#### PROVIDED ENTRIES ####

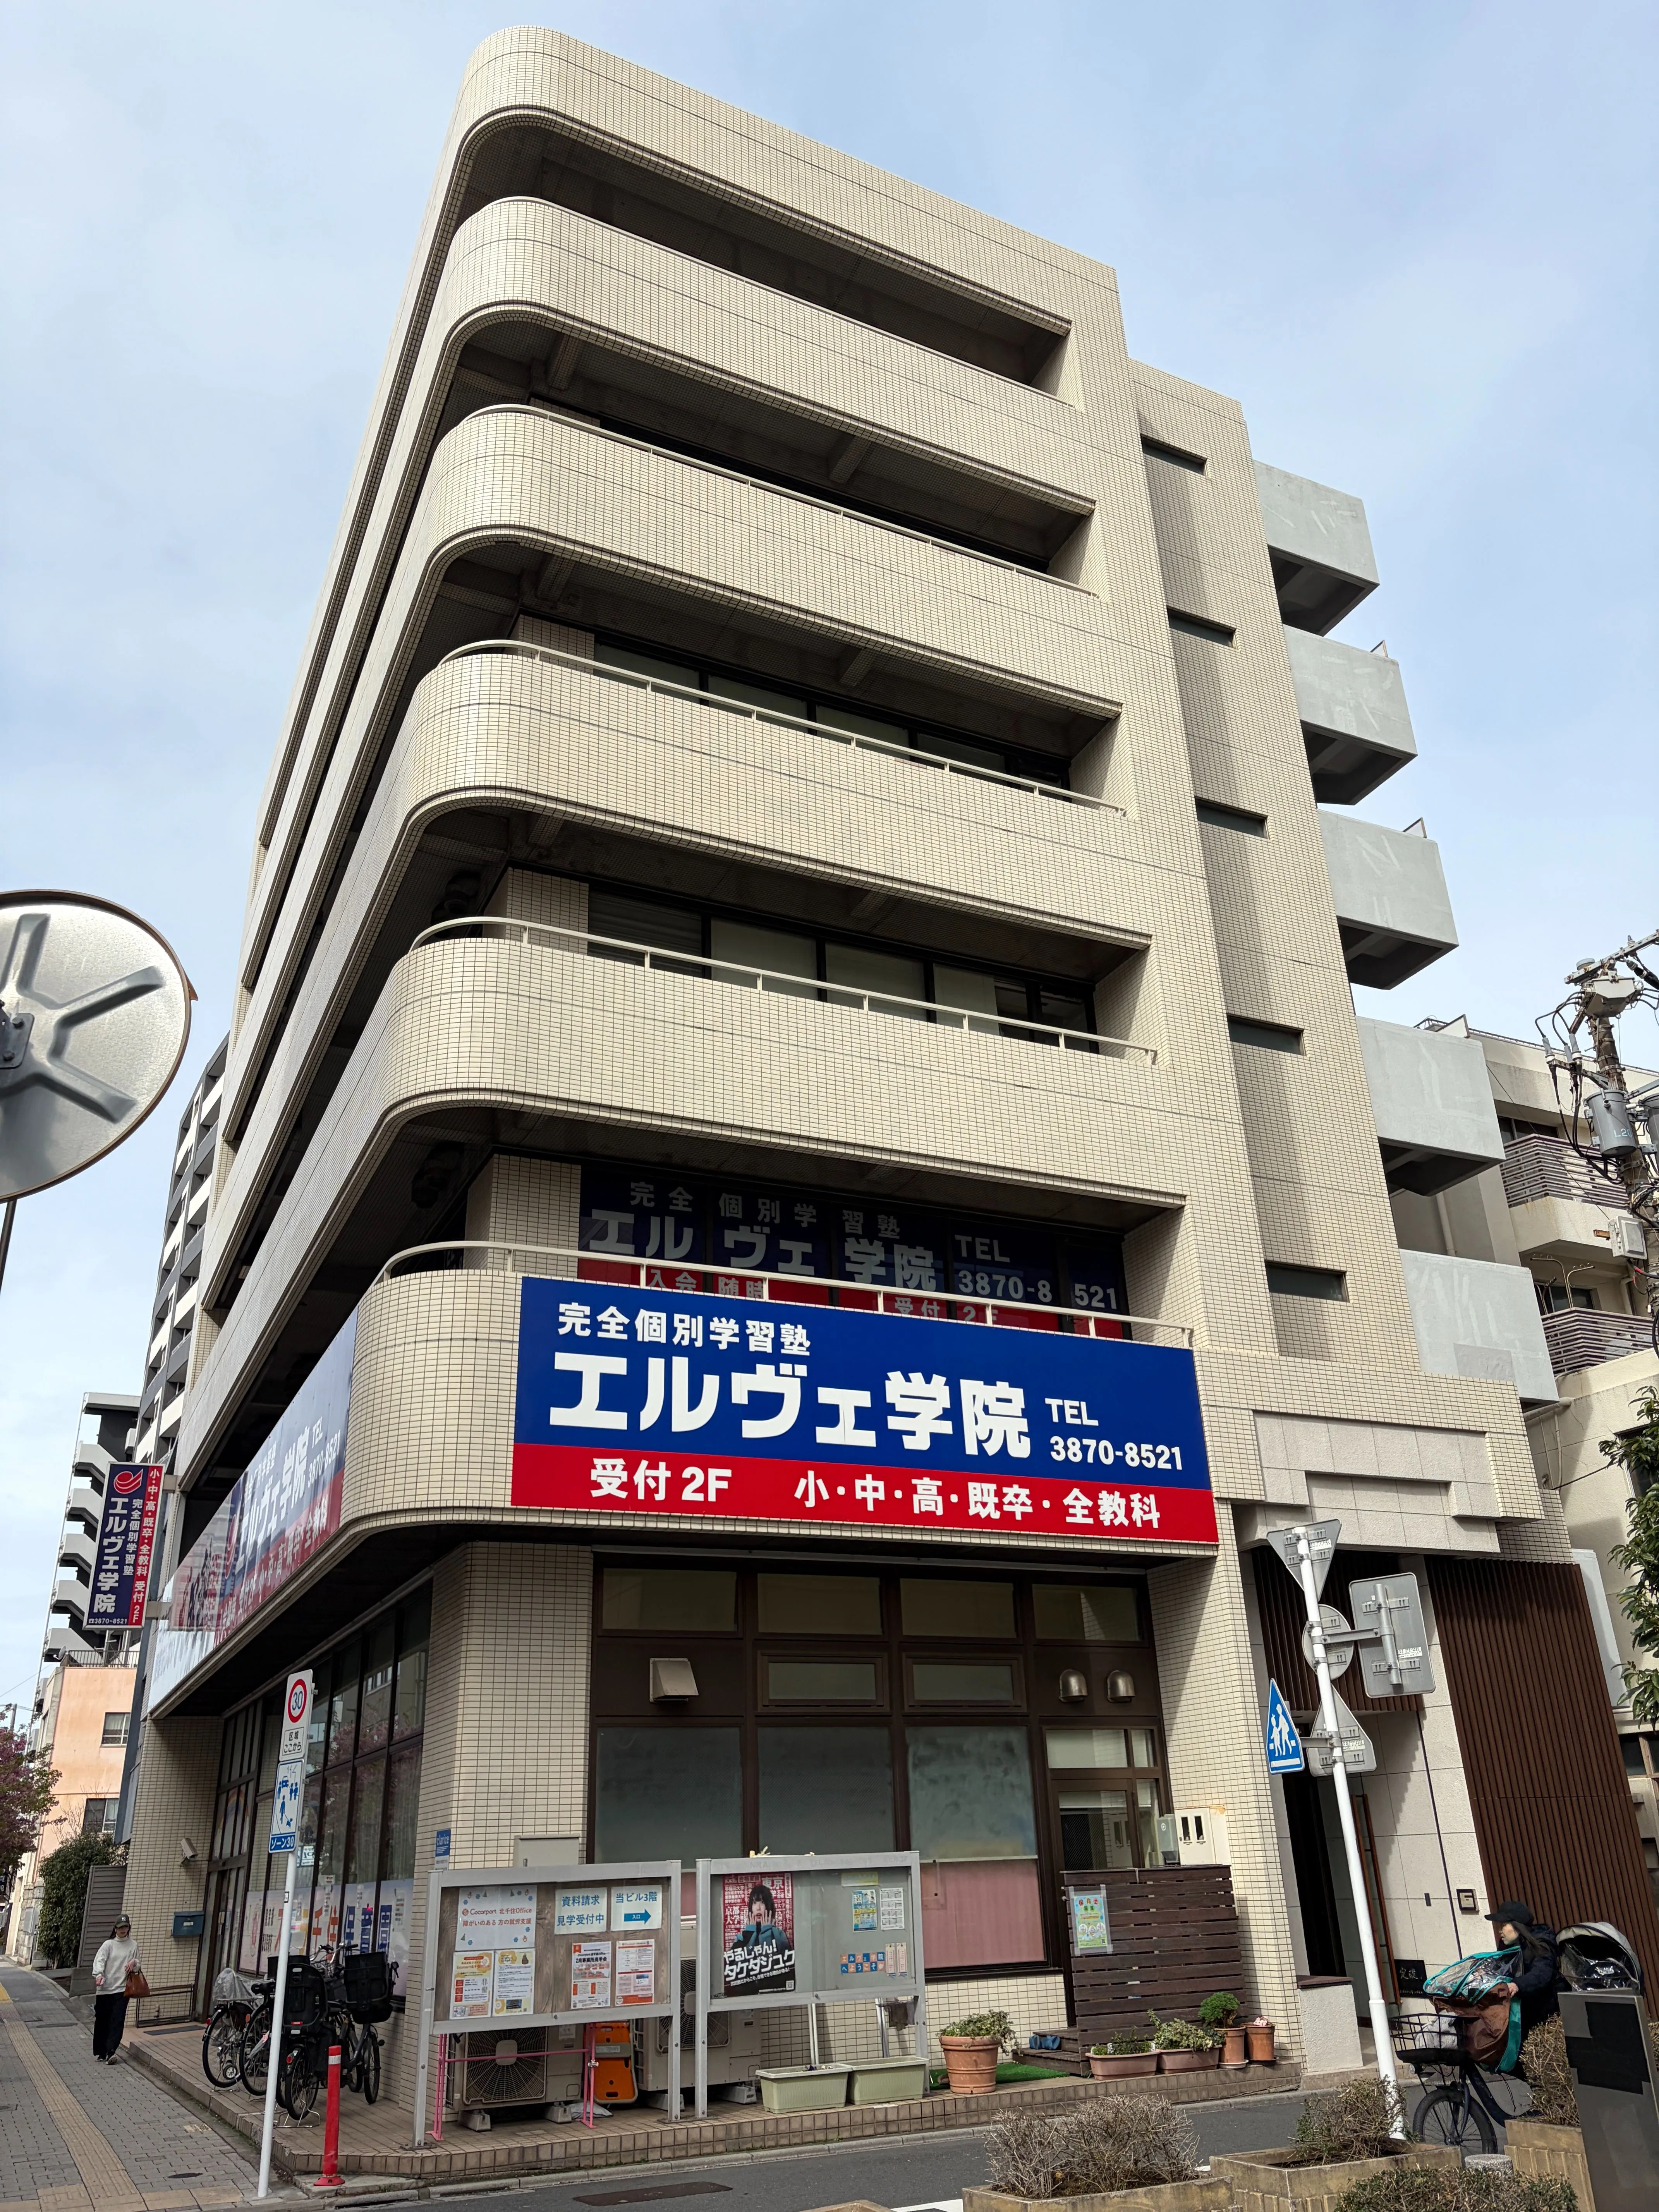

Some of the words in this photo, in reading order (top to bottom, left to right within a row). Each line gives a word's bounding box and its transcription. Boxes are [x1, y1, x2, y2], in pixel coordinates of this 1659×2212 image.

####
#### PROVIDED ENTRIES ####

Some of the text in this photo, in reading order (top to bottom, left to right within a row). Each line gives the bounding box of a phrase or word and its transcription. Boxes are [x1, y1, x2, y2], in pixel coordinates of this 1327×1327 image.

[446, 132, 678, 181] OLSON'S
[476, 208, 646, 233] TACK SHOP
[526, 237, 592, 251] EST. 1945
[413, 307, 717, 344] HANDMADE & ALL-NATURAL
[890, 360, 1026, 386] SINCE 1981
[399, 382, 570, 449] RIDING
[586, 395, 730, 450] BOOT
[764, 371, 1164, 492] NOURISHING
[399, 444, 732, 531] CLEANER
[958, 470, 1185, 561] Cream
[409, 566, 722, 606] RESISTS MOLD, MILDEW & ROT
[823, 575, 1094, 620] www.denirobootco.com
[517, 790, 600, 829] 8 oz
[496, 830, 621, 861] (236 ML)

####
#### PROVIDED ENTRIES ####

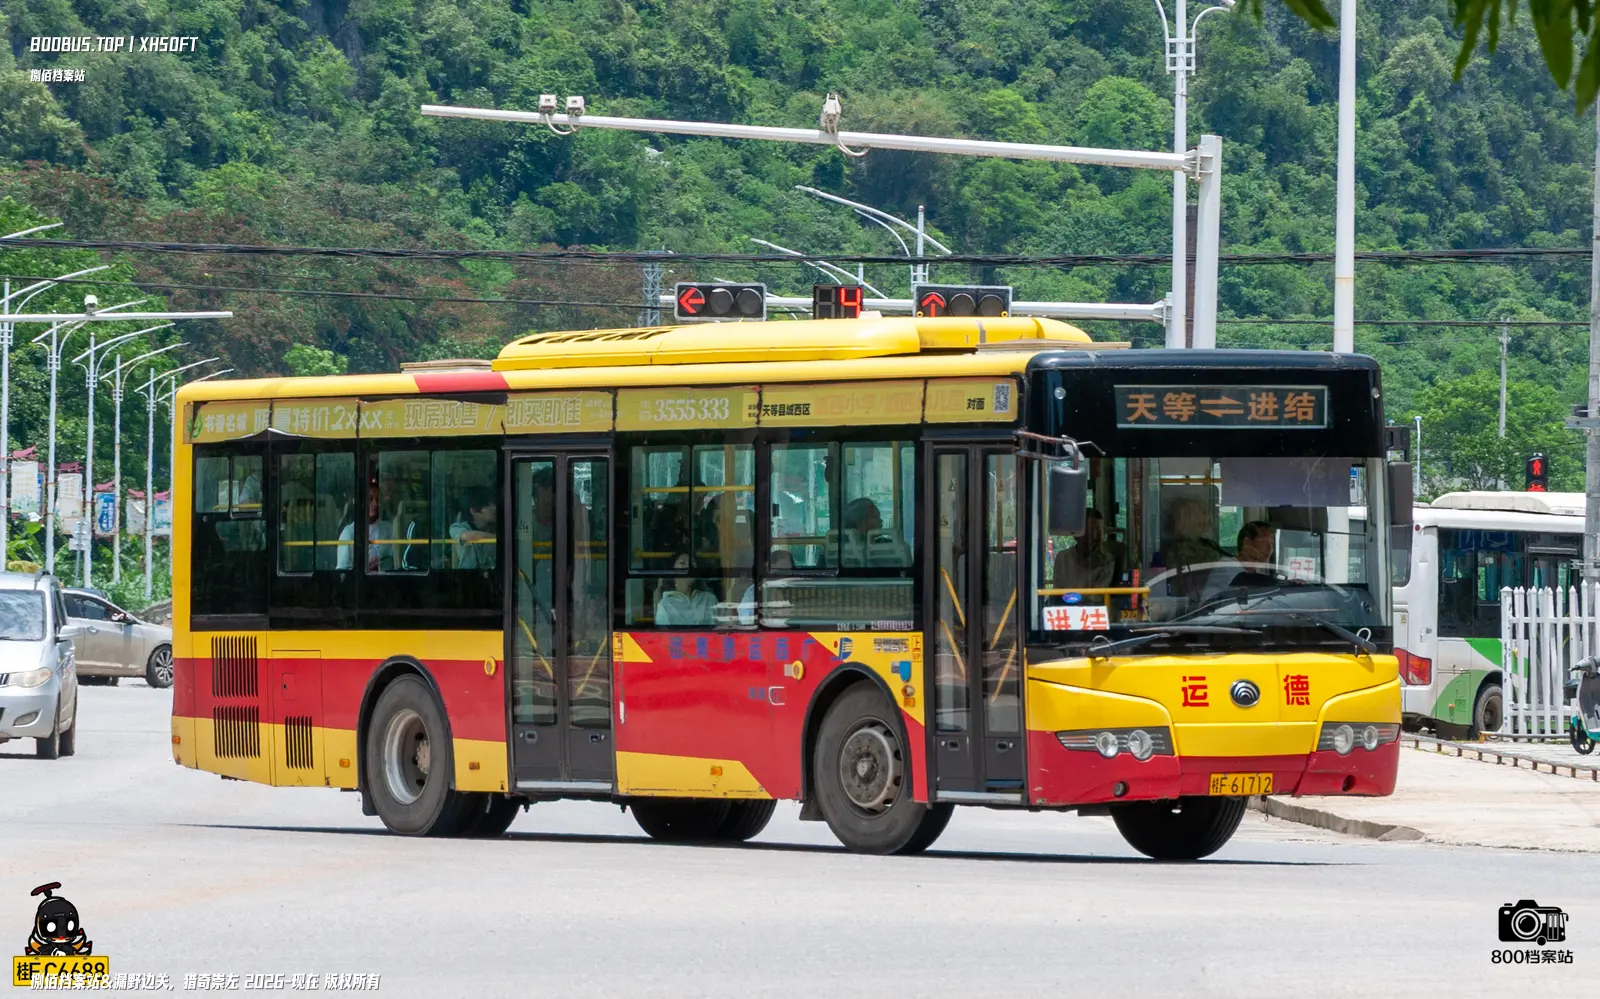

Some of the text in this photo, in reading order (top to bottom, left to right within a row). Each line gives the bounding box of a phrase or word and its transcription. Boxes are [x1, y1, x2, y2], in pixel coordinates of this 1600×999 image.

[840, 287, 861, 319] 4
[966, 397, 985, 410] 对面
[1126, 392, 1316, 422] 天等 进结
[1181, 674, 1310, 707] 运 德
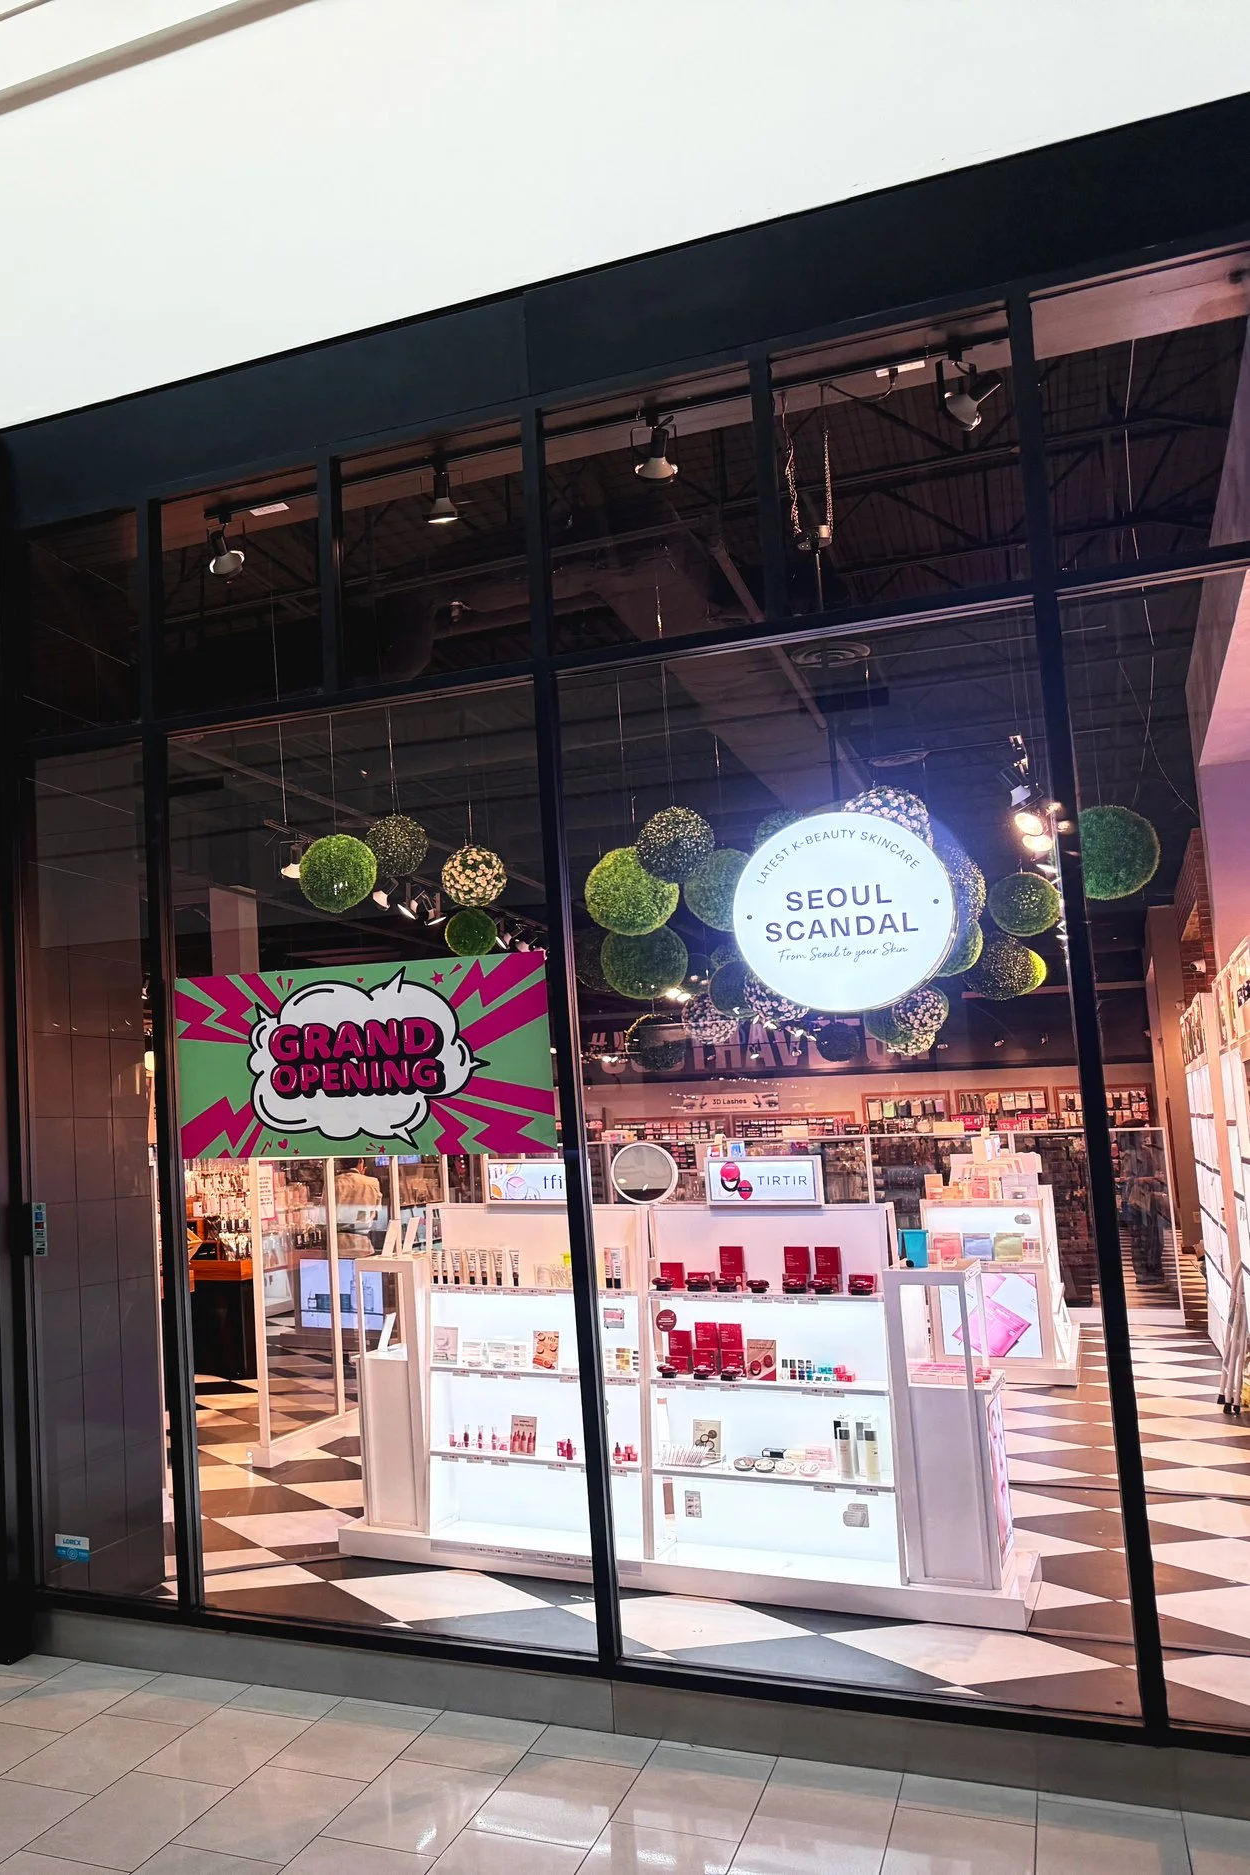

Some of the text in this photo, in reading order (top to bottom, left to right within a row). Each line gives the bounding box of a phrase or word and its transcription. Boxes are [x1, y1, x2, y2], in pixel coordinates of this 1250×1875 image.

####

HOW TO COMPLETE THIS TASK: Using the records above, print exactly the lines between the ones containing "this 1600×999 image." and "this 1250×1875 image.", inclusive, and nothing else; no pictures.

EXERCISE RESULT:
Some of the text in this photo, in reading order (top to bottom, left to right within a row). Each line gives the bounding box of a phrase or word and its transcription. Boxes are [x1, y1, x2, y2], in pixel coordinates of this 1600×999 image.

[840, 287, 861, 319] 4
[966, 397, 985, 410] 对面
[1126, 392, 1316, 422] 天等 进结
[1181, 674, 1310, 707] 运 德

Some of the text in this photo, in reading order (top to bottom, left to right within a row). Each line gives the bounding box of a phrase or word and its transcription. Boxes are [x1, y1, x2, y2], in pixel coordinates of this 1250×1875 image.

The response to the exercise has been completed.